In post-ASO DTGA patients, analysis 4D flow data in MCS simulation reveals ΔP is significantly correlated to maximum systolic energy loss (mW/m3) (p = 0.021, r = 0.57) and maximum systolic PA wall shear stress (Pa) (p <0.001, r = 0.85).

Discussion:

4D flow CMR allows the observation and quantification of flow inefficiencies in the post-ASO PA. Quantitative markers of flow inefficiency of peak energy loss and wall shear stress correlate strongly with simulated RV afterload in MCS simulations of post-ASO anatomy.

Conclusion:

4D flow is a powerful tool to provide deeper understanding of flow field inefficiencies and subsequent energy loss in repaired DTGA. Inefficient PA flow patterns as quantified by 4D flow CMR are likely mechanistically related to RV afterload in this population and, with further research, may prove to be a clinically useful predictive factor for the management of complications in this growing patient population.

Acknowledgements

This project was supported by Award Number R38AI140298 from the NIH National Center of Allergy and Infectious Diseases. Its contents are solely the responsibility of the authors and do not necessarily represent the official views of the National Center of Allergy and Infectious Diseases or the National Institutes of Health.

References

1. Loke Y-H, Capuano F, Mandell J et al. Abnormal Pulmonary Artery Bending Correlates With Increased Right Ventricular Afterload Following the Arterial Switch Operation. World Journal for Pediatric and Congenital Heart Surgery 2019;10:572-581.

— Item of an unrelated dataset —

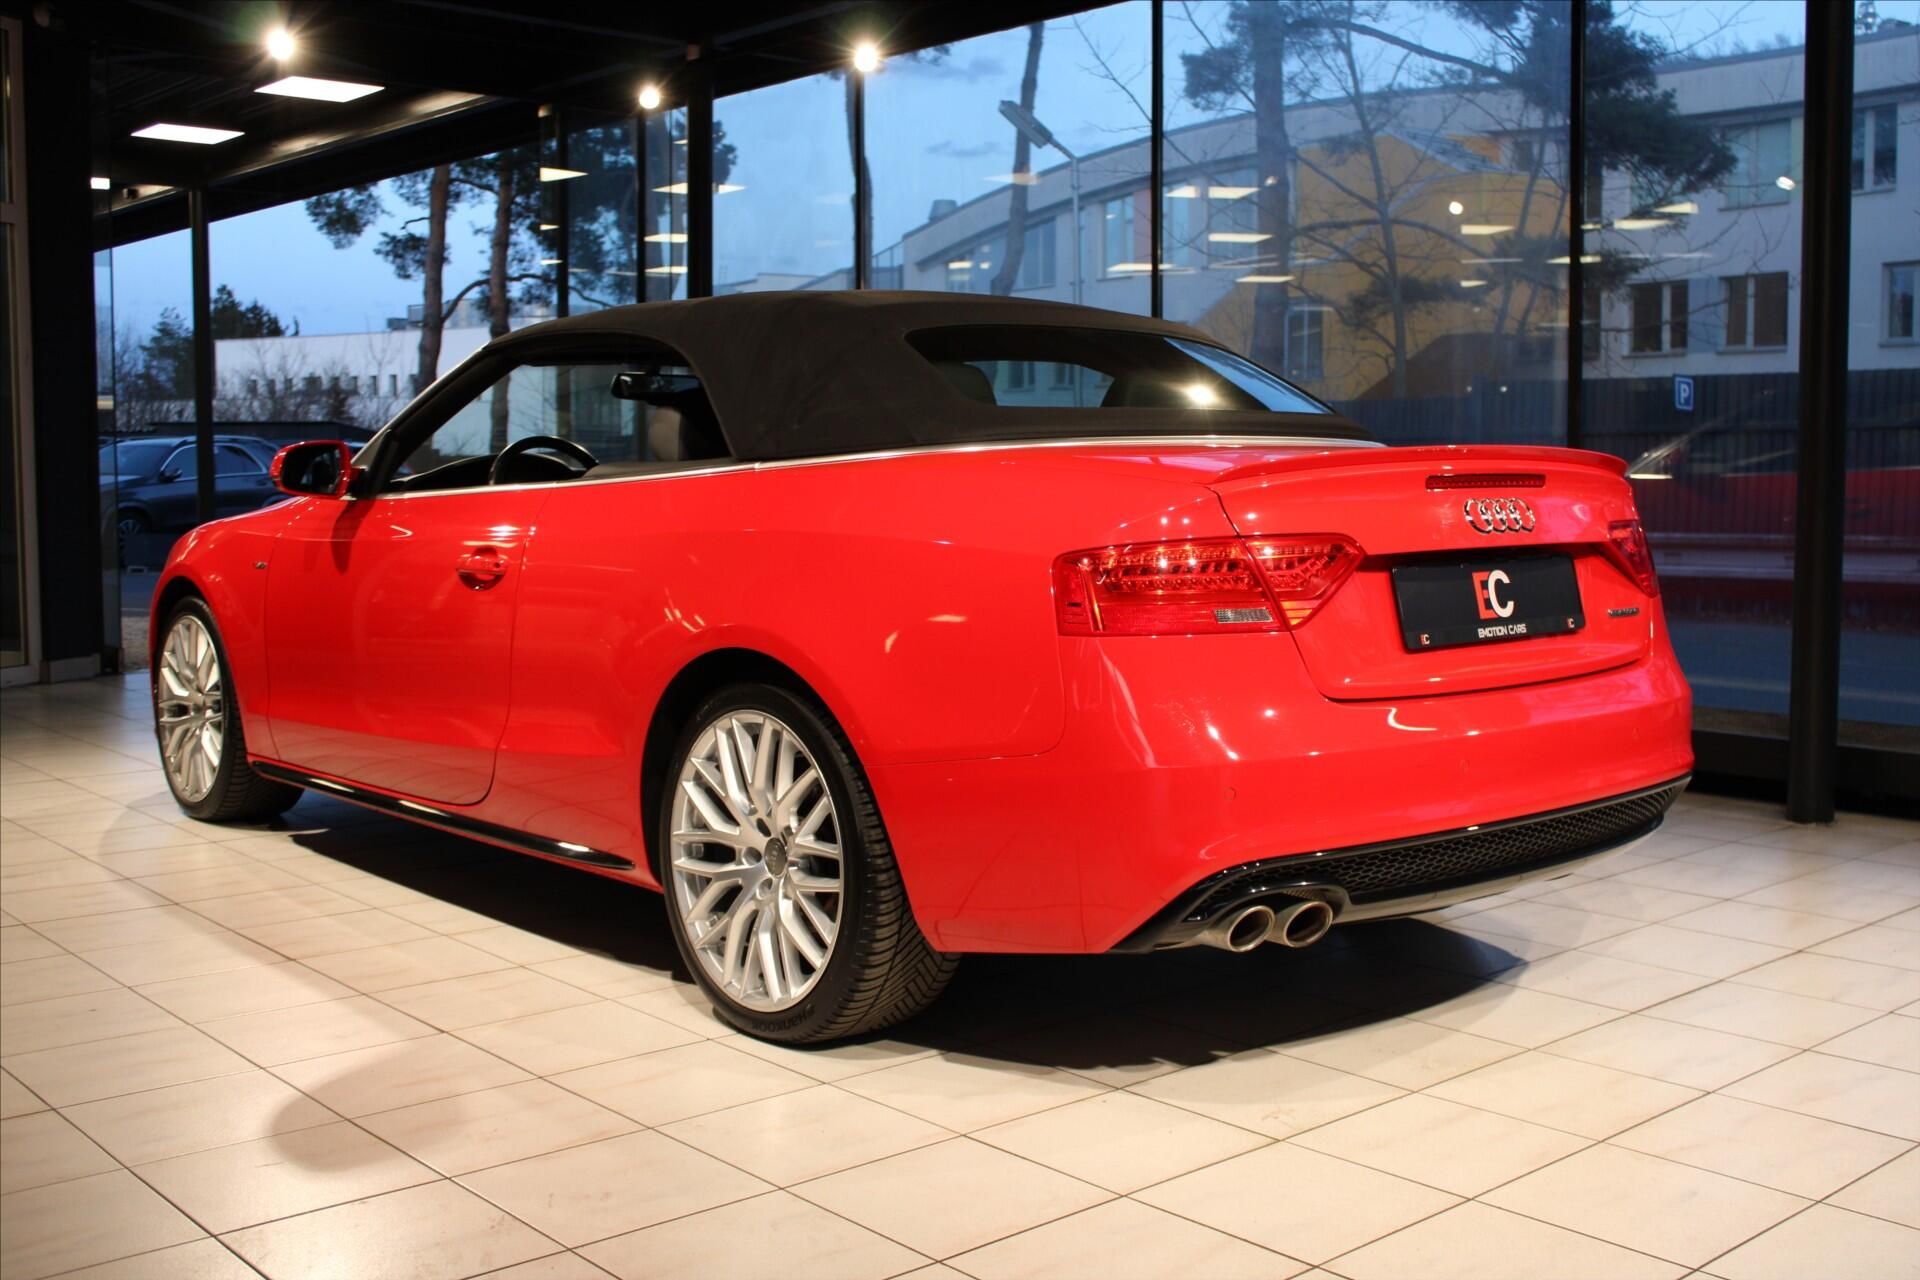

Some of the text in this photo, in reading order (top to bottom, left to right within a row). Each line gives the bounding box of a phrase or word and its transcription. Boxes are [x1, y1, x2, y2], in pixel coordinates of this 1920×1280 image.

[1680, 383, 1690, 404] P
[1472, 569, 1515, 619] EC
[1477, 623, 1527, 639] EMOTION CARS

2. Klitsie LM, Roest AA, Kuipers IM, Hazekamp MG, Blom NA, Ten Harkel AD. Left and right ventricular performance after arterial switch operation. The Journal of thoracic and cardiovascular surgery 2014;147:1561-1567.

Figures

Figure 1: 4D Flow-derived metrics of flow inefficiencies correlate with simulated afterload in post-ASO DTGA. Maximum systolic energy loss (A) and maximum wall shear stress (B) are significantly correlated to pressure differential (ΔP) in the MCS circuit (p = 0.021, r = 0.57 and p <0.001, r = 0.85, respectively). Streamline visualization shows a range of flow patterns in these patients, where efficient flow (C) has relatively low energy loss, and inefficient flow (D) demonstrates relatively high energy loss.

Secondary Figure: In post-ASO DTGA patients, 4D flow CMR reveals inefficient pulmonary arterial flow patterns and quantification of flow inefficiencies by maximum systolic energy loss (mW/m3) reveals a significant correlation to pressure differential (ΔP) in mock circulatory system simulations (p = 0.021, r = 0.57). Representative segmented pulmonary arteries with relatively low and high energy loss shown.